Doutor em História pela Universidade Federal Fluminense (UFF) e professor da Faculdade de Serviço Social da Universidade do Estado do Rio de Janeiro (UERJ). É autor, entre outros livros, de “O Longo Bonapartismo Brasileiro: um ensaio de interpretação histórica (1930-1964)” (Mauad, 2013) e “Depois do Golpe: a dialética da democracia blindada no Brasil” (Mauad, 2017).

Aparecendo como sinônimo da fórmula “revolução-restauração” também utilizada nos Cadernos do Cárcere (retirada da obra do historiador francês Edgar Quinet),  a ideia de “revolução passiva” (por sua vez buscada nos escritos do político e economista italiano Vincenzo Cuoco) foi mobilizada por Gramsci para se referir a processos históricos nos quais a passagem à moderna sociedade burguesa industrial não se fizera acompanhada – e não se dera por meio – de uma revolução de cunho democrático-burguês. Compreendendo a existência de uma historicidade própria a certas formações sociais, nas quais o “novo” não eliminava revolucionariamente o “velho”, mas sim convivia contraditoriamente com ele, Gramsci, com a noção de “revolução passiva”, desenvolveu seu método histórico-dialético de interpretação social já contido em seus escritos pré-carcerários, nos quais abordou a questão meridional italiana (GRAMSCI, A. A questão meridional.

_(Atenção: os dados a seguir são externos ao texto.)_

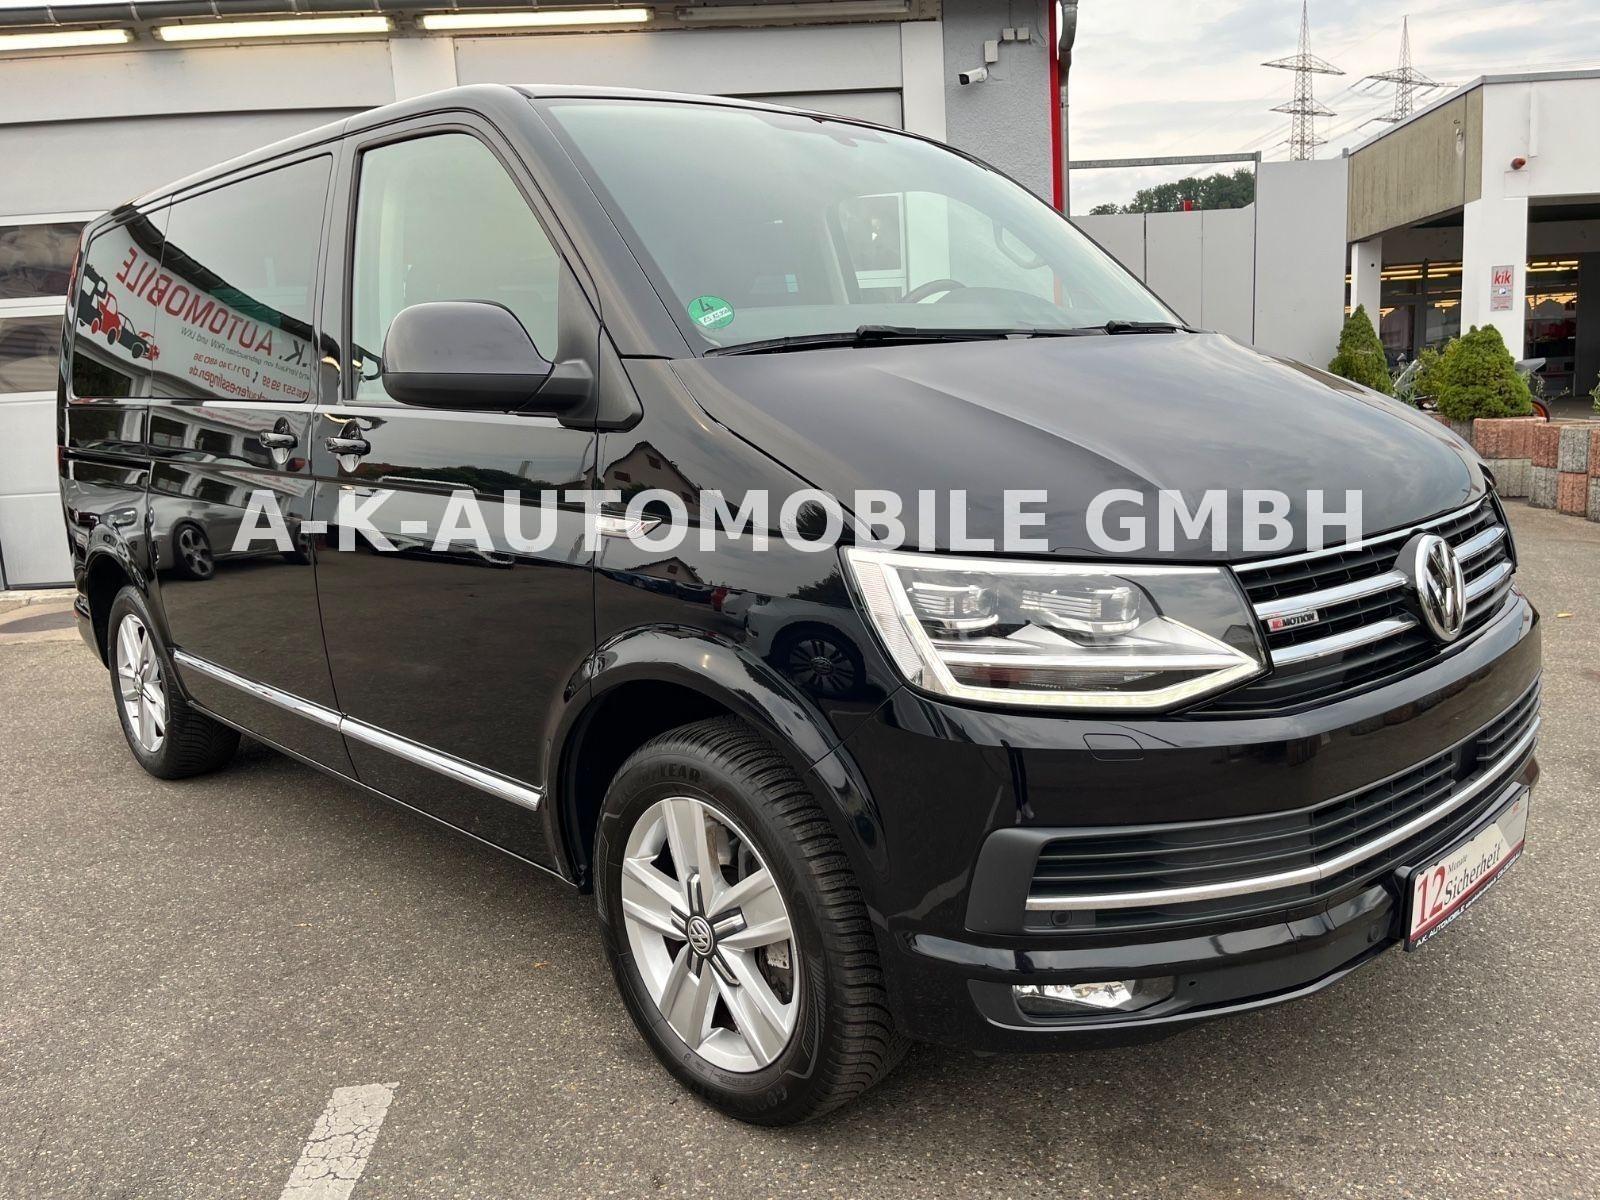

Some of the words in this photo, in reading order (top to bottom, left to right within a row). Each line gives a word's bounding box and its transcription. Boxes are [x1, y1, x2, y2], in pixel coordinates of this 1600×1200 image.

[1494, 270, 1512, 285] kik
[1415, 865, 1446, 928] 12
[1443, 842, 1502, 905] Sicherheit
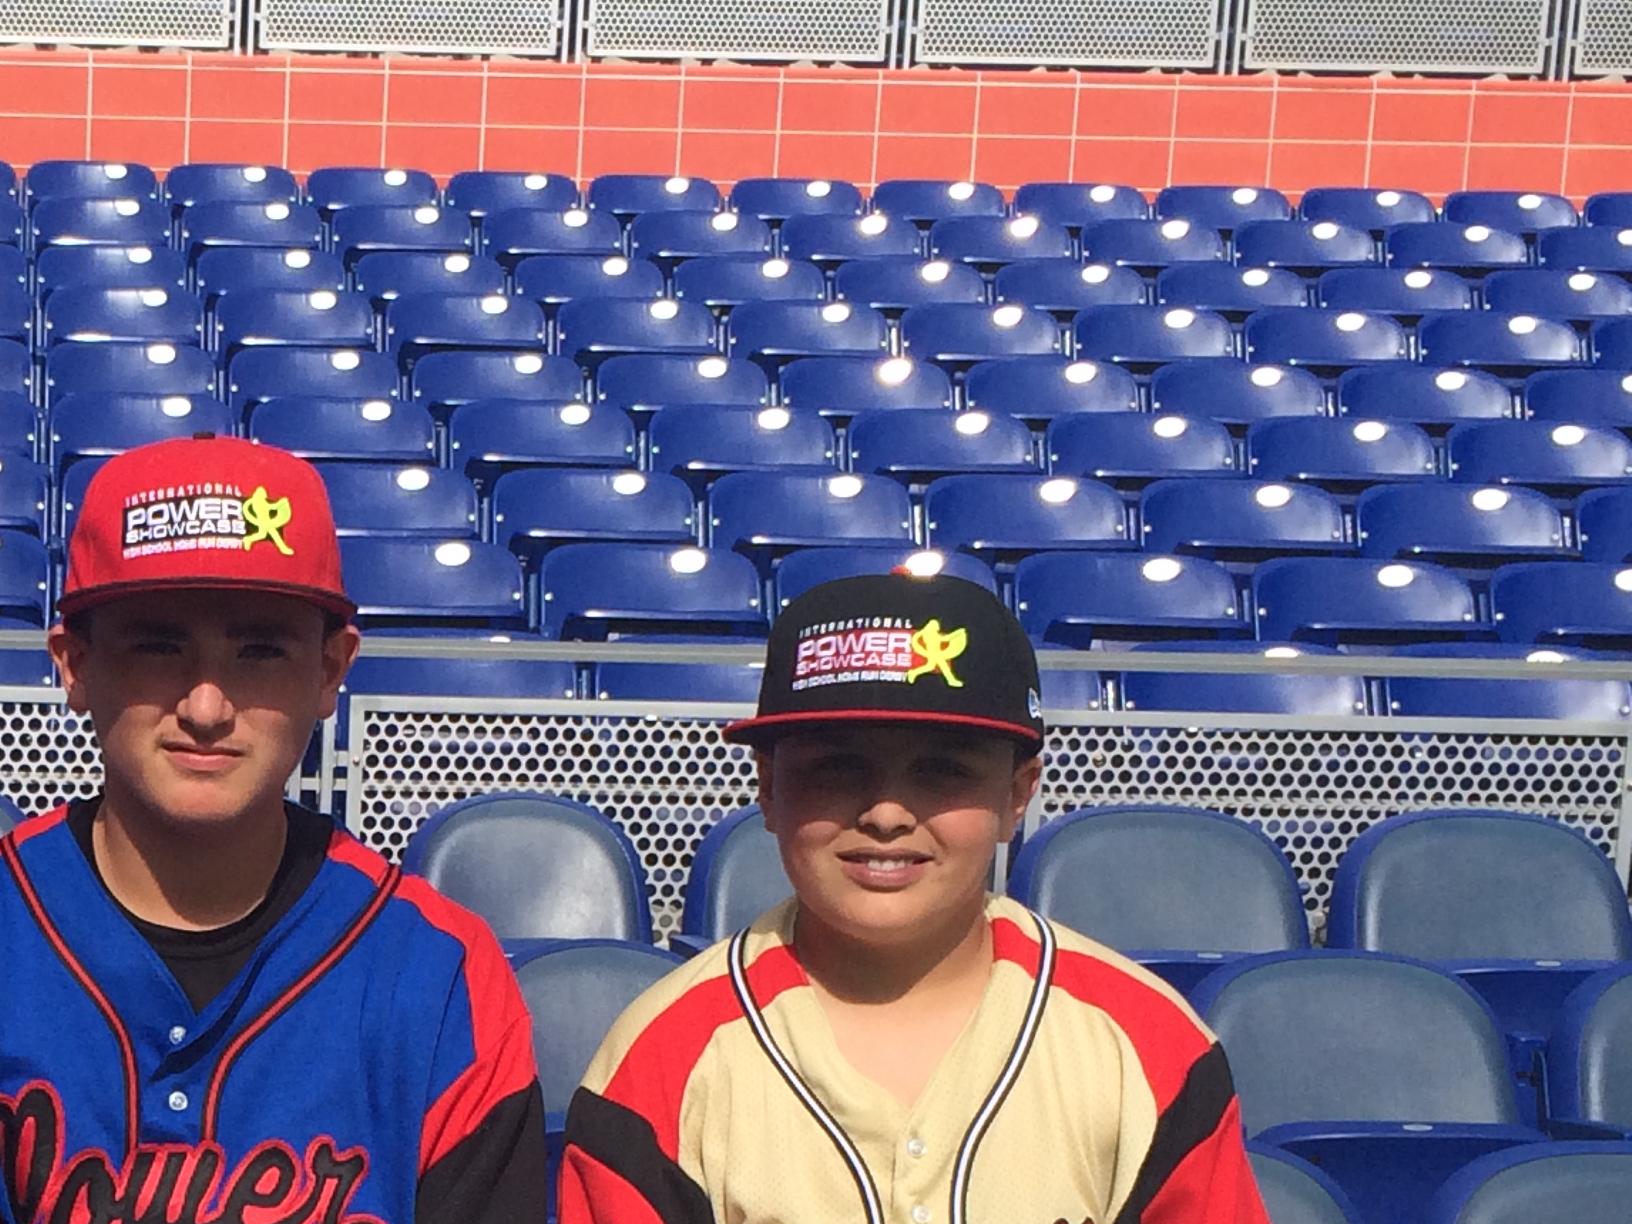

Rio de Janeiro: Paz e terra, 1987).

Muito próxima das análises de Engels, Lênin e Trotsky sobre os caminhos políticos da modernização burguesa dos países industrialmente retardatários, a categoria gramsciana de “revolução passiva” refere-se a uma forma de transição política ao capitalismo industrial em que a perspectiva disruptiva de viés jacobino-radical, que marcara a luta do “terceiro Estado” contra a reação feudal no clássico processo revolucionário francês de fins do século XVIII, teria sido substituída por uma conciliação, pelo alto, entre as velhas e decadentes classes proprietárias agrárias (nobiliárquicas) e a jovem burguesia industrial em ascensão. Em função de um tardio desenvolvimento fabril, que convivera com a longa permanência das antigas relações de produção no campo e, simultaneamente, proporcionara rapidamente a formação do “perigoso” proletariado urbano, certas formações sociais não apresentaram um antagonismo estrutural entre as economias “arcaica” e “moderna”. Assim, o avanço político dos setores subalternos, sobretudo da classe operária, teria funcionado, segundo Gramsci, como uma mola propulsora da aliança, via Estado, entre as velhas e novas classes proprietárias contra aqueles, o que teria determinado uma dinâmica sócio-política da passagem da sociedade agrária ao capitalismo industrial que poderia ser bem definida pela fórmula “revolução sem revolução”.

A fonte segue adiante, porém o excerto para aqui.